Benedict XVI: “Eucharistic springtime” – WDTPRS POLL

In my native place springtime comes in a little at a time, one step forward, two steps back and eventually two steps forward one step back.

Yesterday His Holiness Pope Benedict said at his Wednesday General Audience during which he focused on St. Juliana of Cornillon, known also as St. Juliana of Liege:

[…]

I would like to affirm with joy that today in the Church there is a “Eucharistic springtime”: How many persons pause silently before the Tabernacle to spend time in a conversation of love with Jesus! It is consoling to know that not a few groups of young people have rediscovered the beauty of praying in adoration before the Most Blessed Sacrament. I am thinking, for example, of our Eucharistic adoration in Hyde Park, in London.

I pray so that this Eucharistic “springtime” will spread increasingly in every parish, in particular in Belgium, [Do I hear an “Amen!”?] the homeland of St. Juliana. The Venerable John Paul II, in the encyclical “Ecclesia de Eucharistia,” said: “In many places, adoration of the Blessed Sacrament is also an important daily practice and becomes an inexhaustible source of holiness. The devout participation of the faithful in the Eucharistic procession on the Solemnity of the Body and Blood of Christ is a grace from the Lord which yearly brings joy to those who take part in it. Other positive signs of Eucharistic faith and love might also be mentioned” (No. 10).

Remembering St. Juliana of Cornillon we also renew our faith in the real presence of Christ in the Eucharist. As we are taught by the Compendium of the Catechism of the Catholic Church, “Jesus Christ is present in the Eucharist in a unique and incomparable way. He is present in a true, real and substantial way, with his Body and his Blood, with his Soul and his Divinity. In the Eucharist, therefore, there is present in a sacramental way, that is, under the Eucharistic species of bread and wine, Christ whole and entire, God and Man” (No. 282).
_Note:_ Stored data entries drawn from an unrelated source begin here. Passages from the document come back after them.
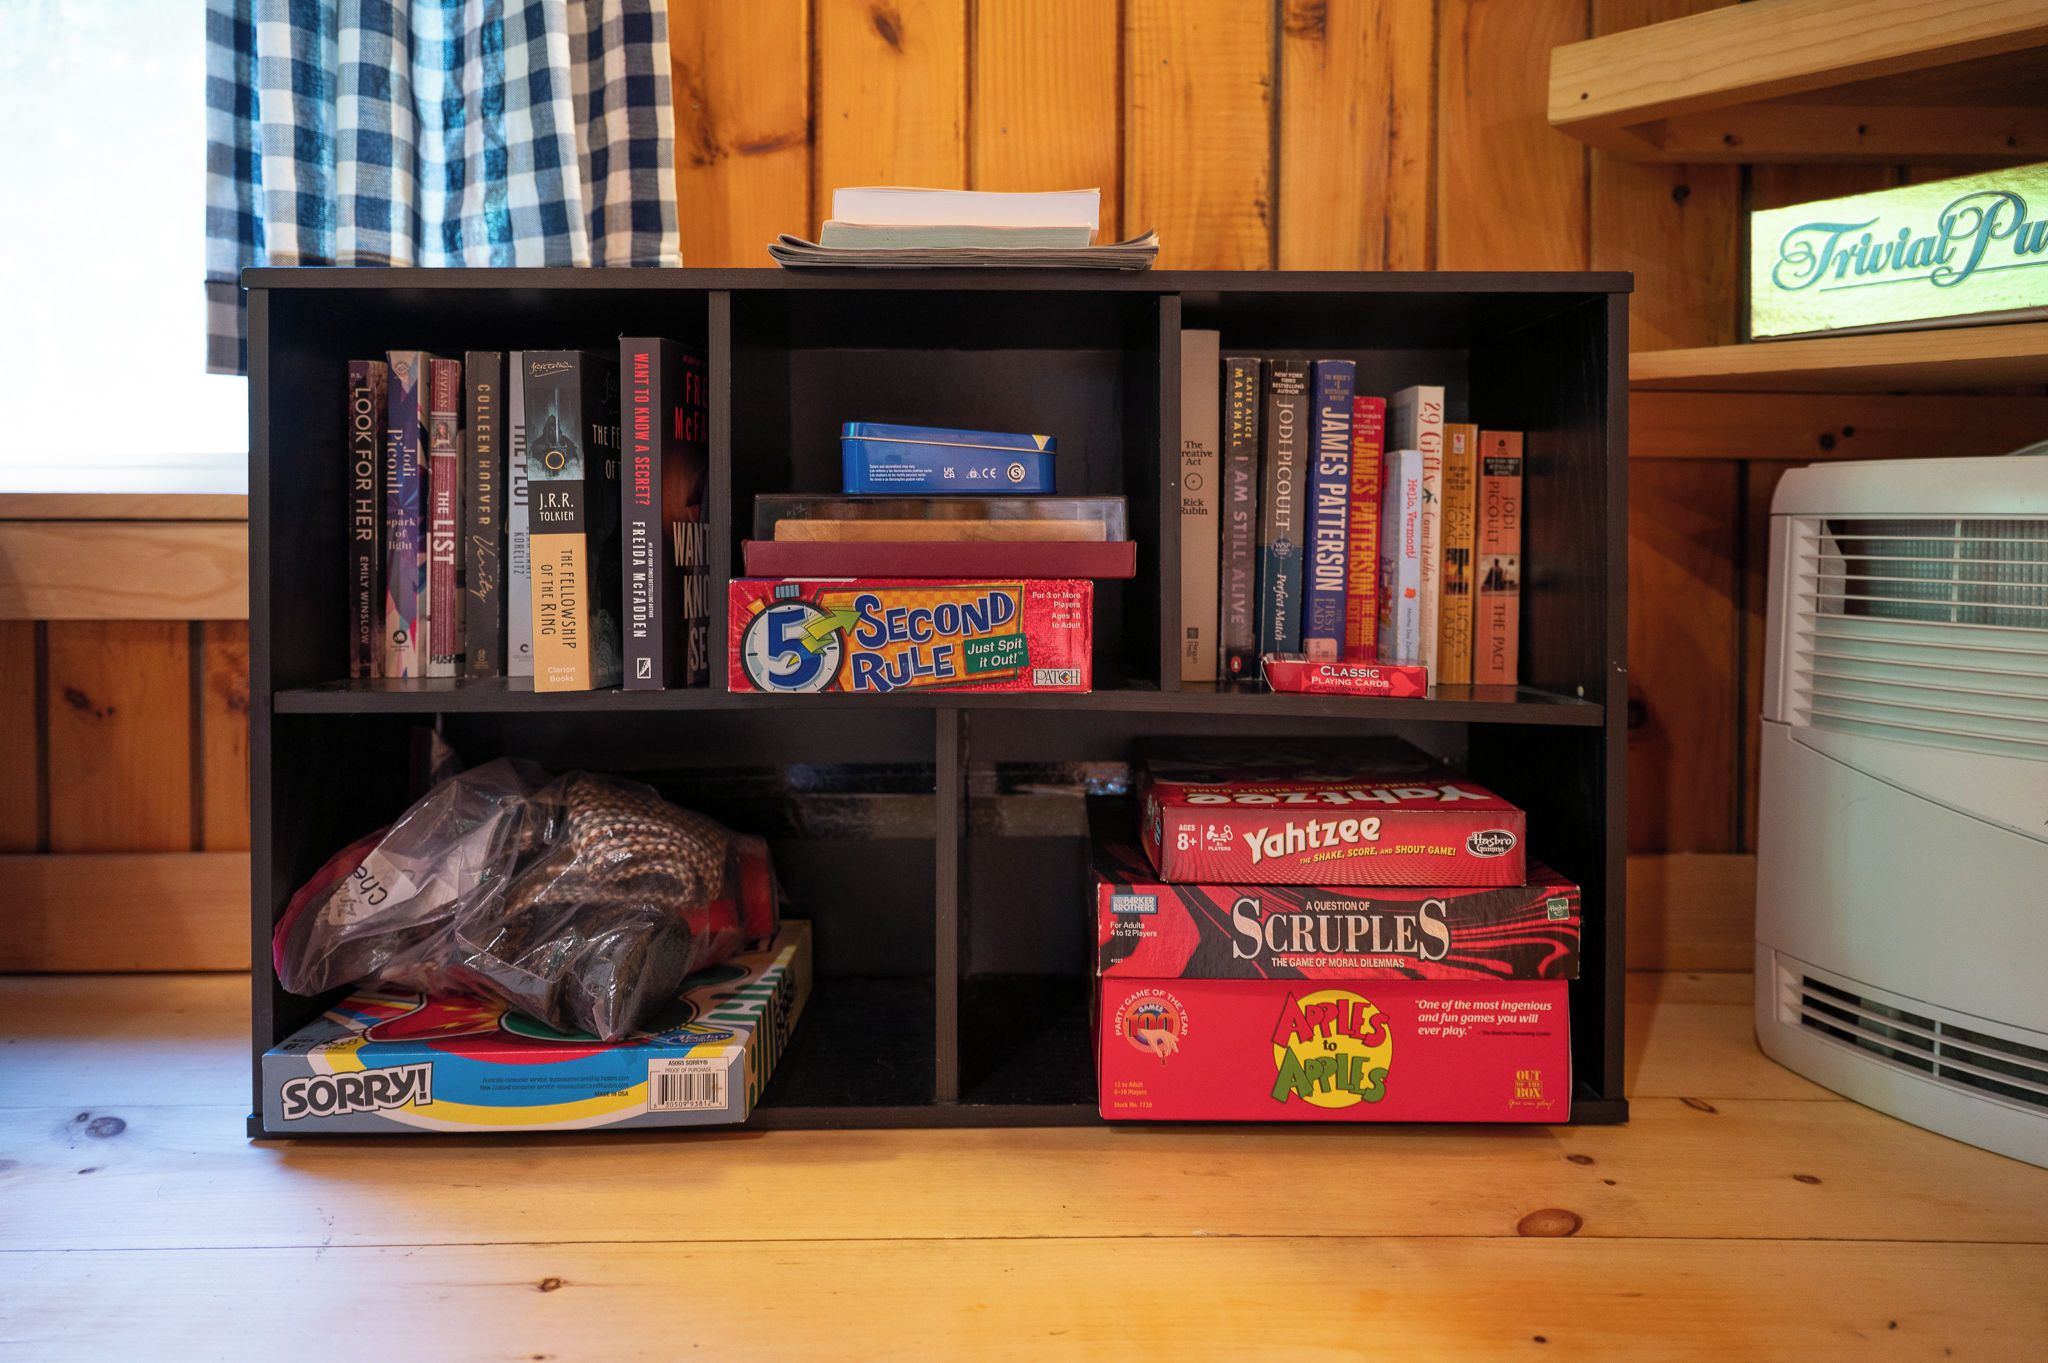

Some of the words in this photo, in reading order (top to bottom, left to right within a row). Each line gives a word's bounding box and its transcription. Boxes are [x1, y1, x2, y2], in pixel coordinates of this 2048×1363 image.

[1772, 215, 1958, 292] Trivial
[634, 353, 649, 385] WANT
[439, 369, 449, 408] VIVIAN
[634, 387, 649, 403] TO
[1245, 377, 1253, 402] KATE
[355, 388, 372, 443] LOOK
[477, 384, 491, 453] COLLEEN
[1232, 367, 1244, 447] MARSHALL
[1244, 408, 1252, 438] ALICE
[1277, 401, 1294, 444] JODI
[1420, 402, 1441, 424] 29
[592, 424, 608, 446] THE
[635, 407, 650, 441] KNOW
[635, 445, 650, 453] A
[1184, 441, 1203, 449] The
[1321, 407, 1350, 476] JAMES
[355, 450, 372, 490] FOR
[387, 429, 403, 494] Picoult
[403, 446, 416, 476] Jodi
[1185, 458, 1202, 466] Act
[1351, 436, 1380, 495] JAMES
[479, 460, 491, 525] HOOVER
[635, 456, 651, 505] SECRET?
[1234, 471, 1249, 501] AM
[1275, 451, 1293, 531] PICOULT
[1407, 479, 1418, 509] Hello,
[438, 491, 450, 514] THE
[539, 493, 574, 510] J.R.R.
[540, 511, 574, 522] TOLKIEN
[1180, 507, 1208, 515] Rubin
[1487, 481, 1500, 543] PICOULT
[1503, 497, 1515, 530] JODI
[356, 499, 372, 540] HER
[395, 530, 407, 538] of
[1232, 511, 1248, 560] STILL
[1406, 511, 1418, 559] Vermont!
[1458, 503, 1471, 541] TAMI
[388, 541, 413, 552] light
[433, 520, 455, 565] LIST
[513, 531, 525, 574] KORELITZ
[632, 522, 646, 566] FREIDA
[673, 522, 709, 567] WANT
[1315, 483, 1348, 592] PATTERSON
[1346, 501, 1378, 596] PATTERSON
[360, 556, 369, 588] EMILY
[470, 535, 496, 604] Verity
[541, 564, 553, 576] OF
[561, 550, 572, 566] THE
[541, 583, 553, 598] THE
[633, 573, 647, 638] McFADDEN
[1054, 601, 1081, 609] Players
[1231, 568, 1248, 624] ALIVE
[1273, 574, 1287, 606] Perfect
[360, 591, 369, 645] WINSLOW
[541, 603, 557, 635] RING
[560, 572, 577, 649] FELLOWSHIP
[852, 591, 1017, 648] SECOND
[1051, 613, 1070, 621] Ages
[1274, 608, 1287, 641] Match
[1314, 598, 1326, 633] LADY
[1324, 597, 1336, 633] FIRST
[1493, 604, 1506, 631] THE
[1442, 608, 1455, 647] LADY
[768, 607, 823, 689] 5
[967, 641, 995, 658] Just
[998, 637, 1024, 658] Spit
[978, 656, 988, 668] it
[990, 652, 1018, 667] Out!
[1492, 637, 1505, 672] PACT
[547, 666, 576, 674] Clarion
[549, 674, 574, 682] Books
[852, 646, 956, 692] RULE
[1034, 669, 1079, 685] PATCH
[1311, 676, 1352, 686] PLAYING
[1354, 679, 1390, 688] CARDS
[1320, 666, 1380, 678] CLASSIC
[1186, 785, 1493, 804] Yahtzee
[1176, 832, 1198, 851] 8+
[1243, 817, 1381, 865] Yahtzee
[1473, 830, 1514, 846] Hasbro
[1476, 844, 1505, 853] Gaming
[1313, 851, 1345, 864] SHAKE,
[1347, 847, 1378, 858] SCORE,
[1395, 845, 1426, 854] SHOUT
[1427, 846, 1456, 856] GAME!
[1113, 903, 1155, 912] BROTHERS
[1123, 896, 1155, 904] PARKER
[1306, 901, 1313, 911] A
[1314, 901, 1358, 912] QUESTION
[1359, 901, 1371, 911] OF
[1123, 921, 1145, 929] Adults
[1132, 930, 1158, 938] Players
[1232, 898, 1450, 960] SCRUPLES
[1271, 957, 1288, 967] THE
[1289, 957, 1314, 967] GAME
[1316, 957, 1327, 967] OF
[1328, 957, 1360, 968] MORAL
[1360, 958, 1405, 968] DILEMMAS
[1114, 1004, 1127, 1036] PARTY
[1124, 988, 1151, 1006] GAME
[1152, 988, 1166, 997] OF
[1166, 993, 1183, 1010] THE
[1179, 1008, 1189, 1036] YEAR
[1138, 1004, 1164, 1014] GAMES
[1272, 991, 1391, 1048] APPLES
[1418, 1013, 1441, 1023] and
[1440, 1013, 1459, 1025] fun
[1460, 1014, 1495, 1026] games
[1497, 1014, 1517, 1026] you
[1519, 1014, 1539, 1024] will
[1441, 1000, 1453, 1012] of
[1454, 1000, 1471, 1010] the
[1473, 1000, 1500, 1010] most
[1501, 1000, 1552, 1013] ingenious
[1322, 1040, 1338, 1051] to
[1418, 1027, 1441, 1035] ever
[1442, 1026, 1473, 1038] play."
[1271, 1045, 1389, 1104] APPLES
[1516, 1070, 1541, 1080] OUT
[283, 1064, 431, 1118] SORRY!
[1516, 1088, 1541, 1098] BOX
Dear friends, [not mention Richard McBrien…] fidelity to the encounter with the Eucharistic Christ in Sunday’s Holy Mass is essential for the journey of faith, but let us try as well to frequently go to visit the Lord present in the Tabernacle! Gazing in adoration at the consecrated Host, we discover the gift of the love of God, we discover the passion and the cross of Jesus, and also his Resurrection. Precisely through our gazing in adoration, the Lord draws us to himself, into his mystery, to transform us as he transforms the bread and wine. The saints always found strength, consolation and joy in the Eucharistic encounter. With the words of the Eucharistic hymn “Adoro te devote,” let us repeat before the Lord, present in the Most Blessed Sacrament: “Make me believe ever more in You, that in You I may have hope, that I may love You!” Thank you.
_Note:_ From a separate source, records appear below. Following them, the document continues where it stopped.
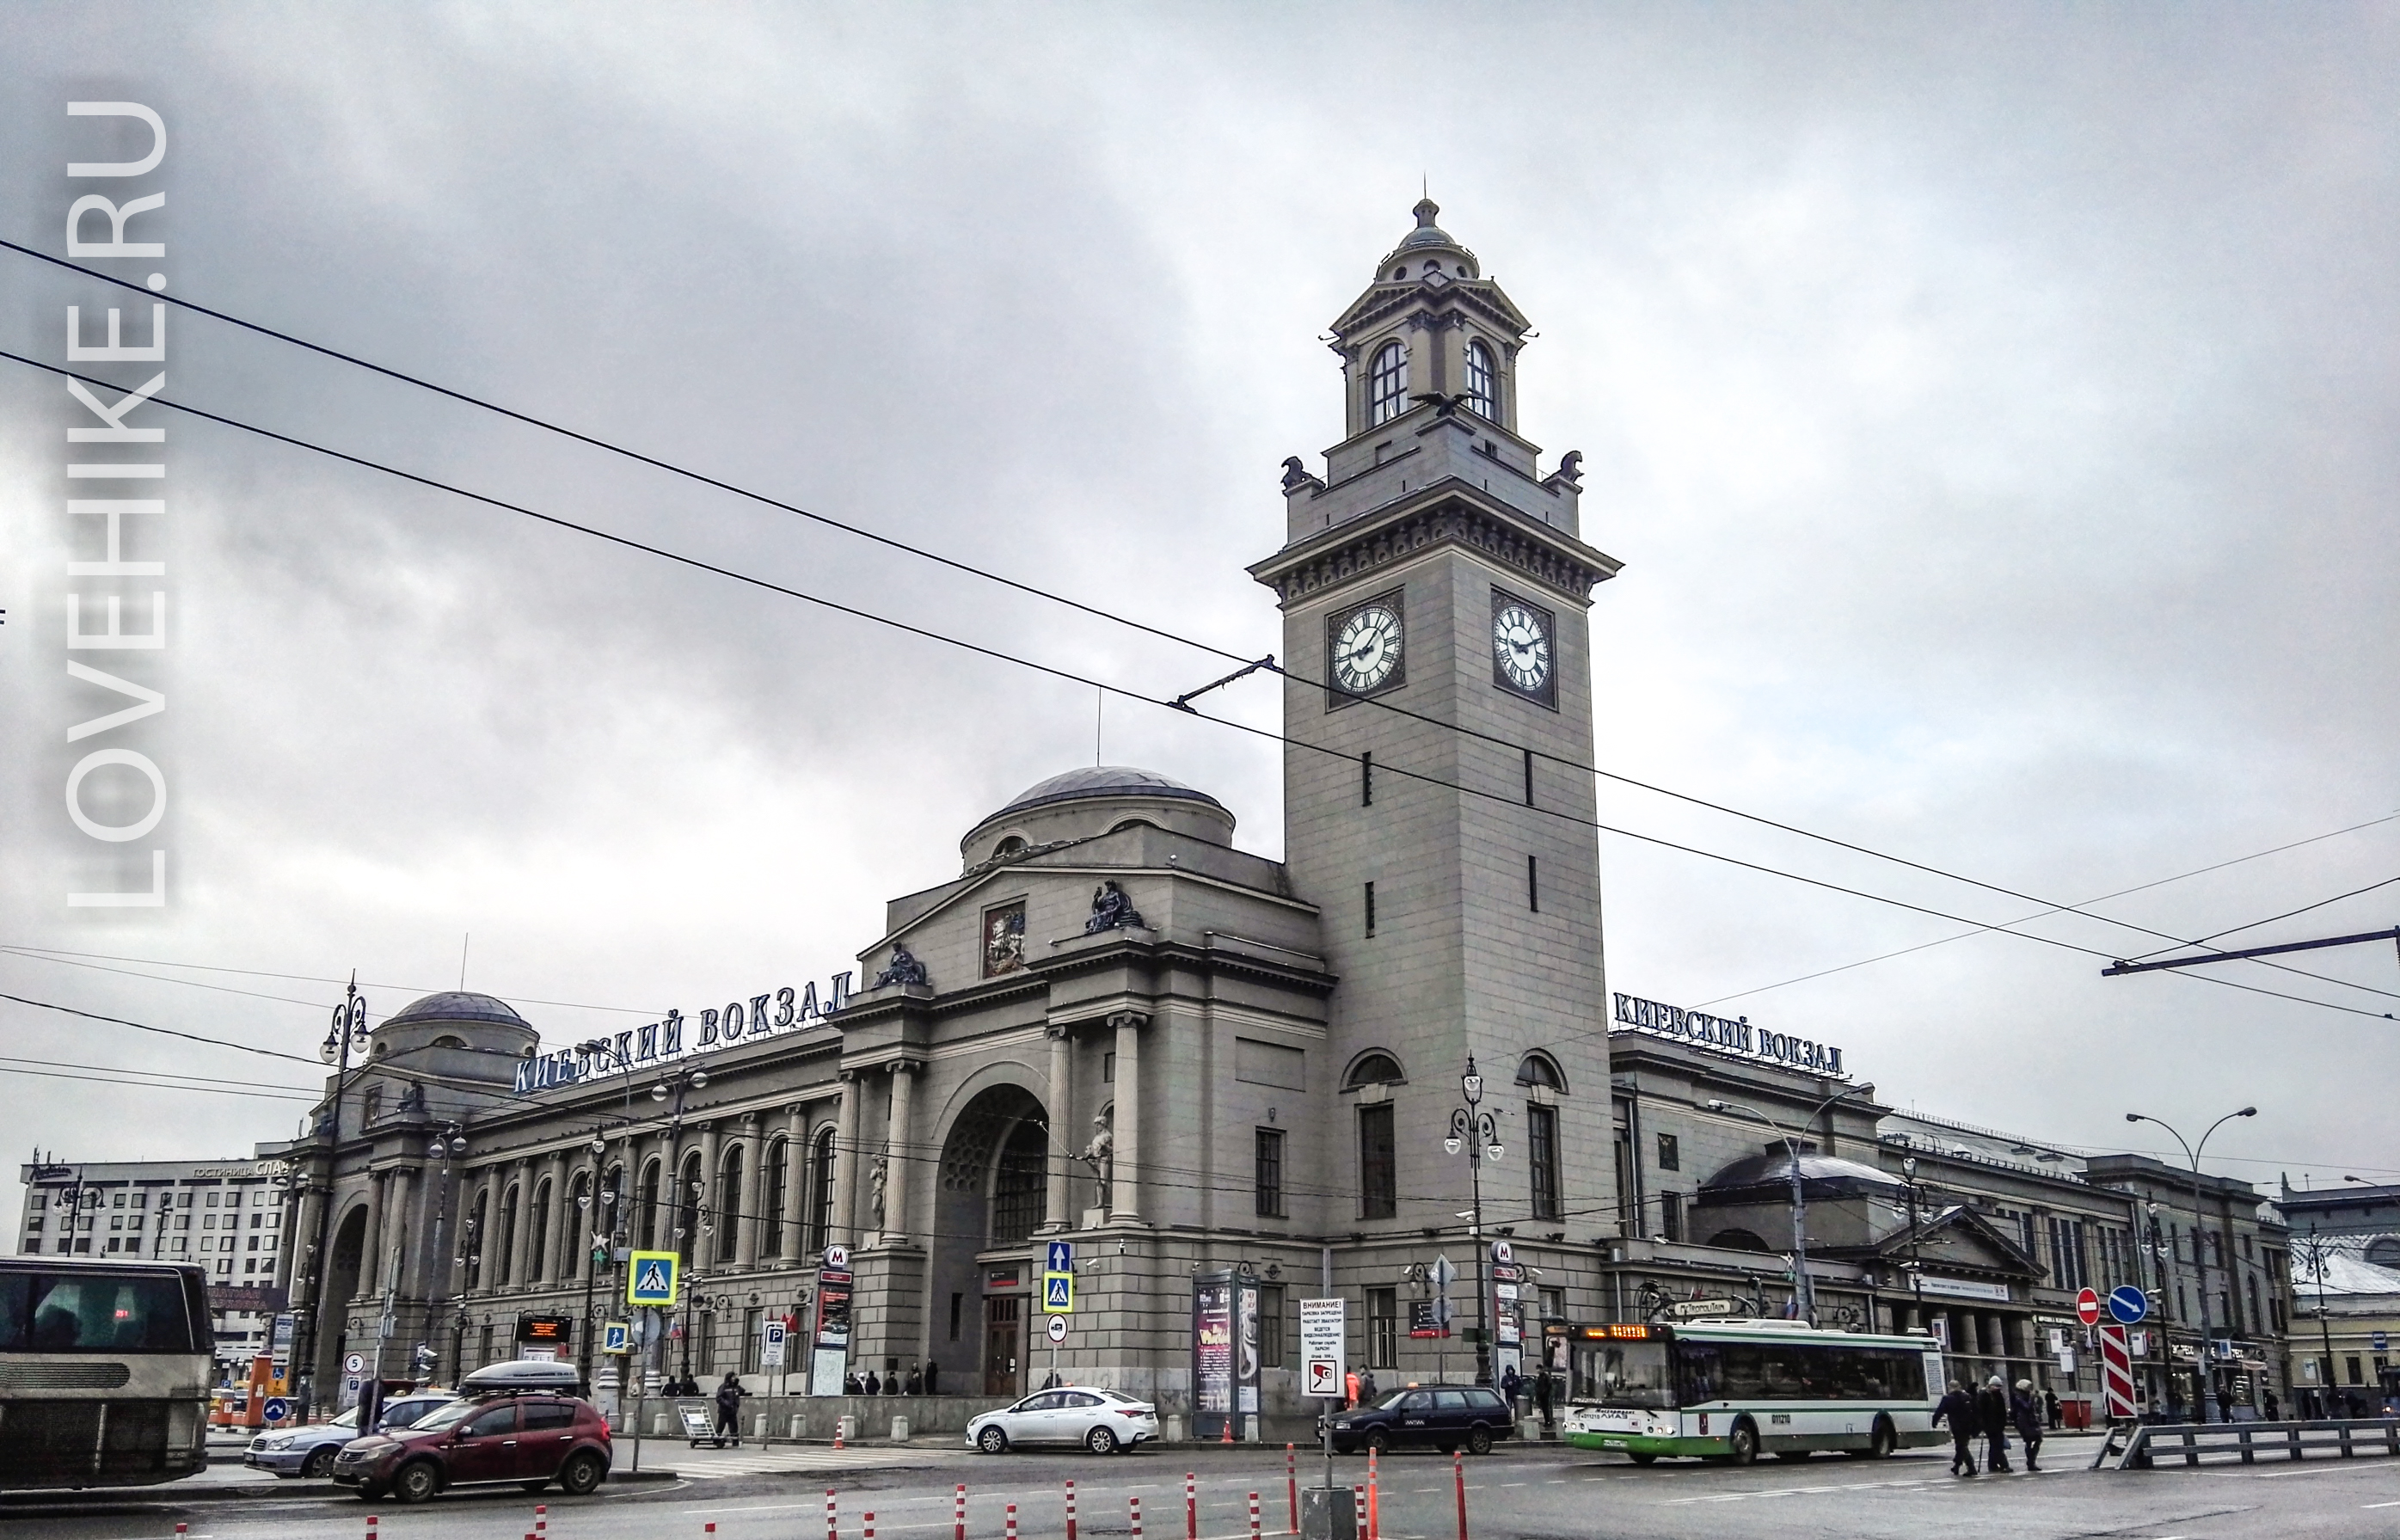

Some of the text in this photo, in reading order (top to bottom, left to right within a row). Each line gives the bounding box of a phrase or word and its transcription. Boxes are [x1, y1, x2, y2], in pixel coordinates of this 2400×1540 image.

[513, 971, 852, 1093] КИЕВСКИЙ ВОКЗАЛ
[1613, 992, 1844, 1074] КИЕВСКИЙ ВОКЗАЛ
[193, 1167, 255, 1178] ГОСТИНИЦА
[1303, 1301, 1341, 1310] ВНИМАНИЕ!
[1771, 1414, 1791, 1424] 011210
The Holy Father is surely right that there is a slow resurgence of Eucharistic Adoration.  It is slow, but sure.  If we think about how springtime comes in, say, far northern climes, perhaps there is a springtime.

I think the days of hearing aging hippies burble inanities such as “Jesus said ‘Take and eat’, not ‘Sit and look’!” are pretty much a thing of the past.
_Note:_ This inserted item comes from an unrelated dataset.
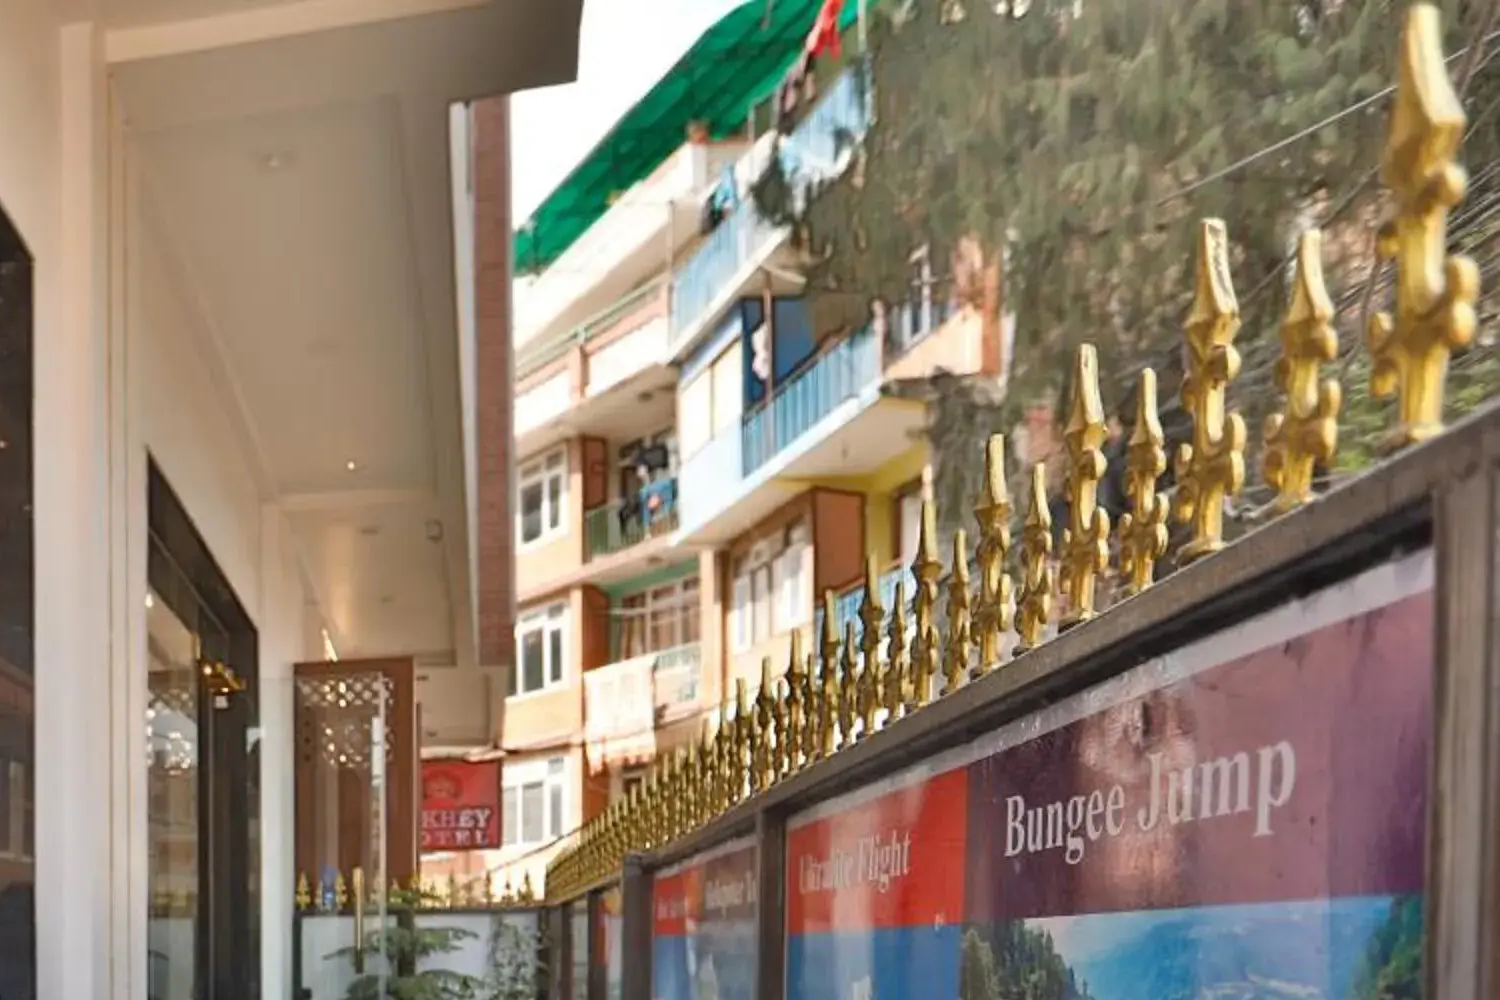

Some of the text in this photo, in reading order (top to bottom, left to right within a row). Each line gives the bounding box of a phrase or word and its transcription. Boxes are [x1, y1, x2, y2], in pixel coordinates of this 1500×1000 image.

[1004, 739, 1296, 864] Bungee Jump
[857, 829, 912, 894] Flight
That said, where there is Eucharistic Adoration, there are usually also many blessings.  I think in particular about vocations to the priesthood and religious life.

Another thing that occurs as I write is the old adage: naming calls.  It seems at times, doesn’t it, that when you name a thing or person, it shows up or occurs.  If the Holy Father is talking about a “springtime”, that is because he wants there to be one.  He is not naive, of course.  A great deal must be done yet before most places experience this.

Also, note that again the Holy Father relates our Catholic identity back to the Eucharist, by which he means both the Sacrament itself and Its celebration, Holy Mass.

Let’s have a WDTPRS poll.   Chose the answer you think best describes your thoughts and give your reasons in the combox, below.

Pope Benedict says there is a "Eucharistic springtime". I say...

View Results

Loading ... Loading ...

About Fr. John Zuhlsdorf

Fr. Z is the guy who runs this blog. o{]:¬)
This entry was posted in New Evangelization, Our Catholic Identity, POLLS, The future and our choices. Bookmark the permalink.

21 Comments

  1. jaykay says:

    Ahhhh… the true “New Springtime” of Vatican II i.e. the correct implementation of what the Council actually desired. And not, of course, what the polyester brigade hoped for at all! Think of all the grinding of (false) teeth as they rage, rage, rage at the dying of their light. Unfortunately not so many of them will take the hint and go gently into the night.

    Adoration has been reestablished in my parish after many years of desolation. There’s now an adoration chapel in one of the churches, from after morning Mass to the evening (not a Blessed Sacrament chapel, as the tabernacle is still there in pride of place). I can’t testify to the presence of young people, as I’m away during the day, but it’s now in its third year so it has become a fixture. It all started from an all-night adoration in the main church in Lent 2007 when the parochial clergy were amazed at the turnout, because they really felt they were taking a chance and that numbers would be few. But they led the way, all 5 of them, taking hourly turns in rota all through the night and this example was very favourably commented on. And it has borne fruit in the establishment of the adoration. Floreat.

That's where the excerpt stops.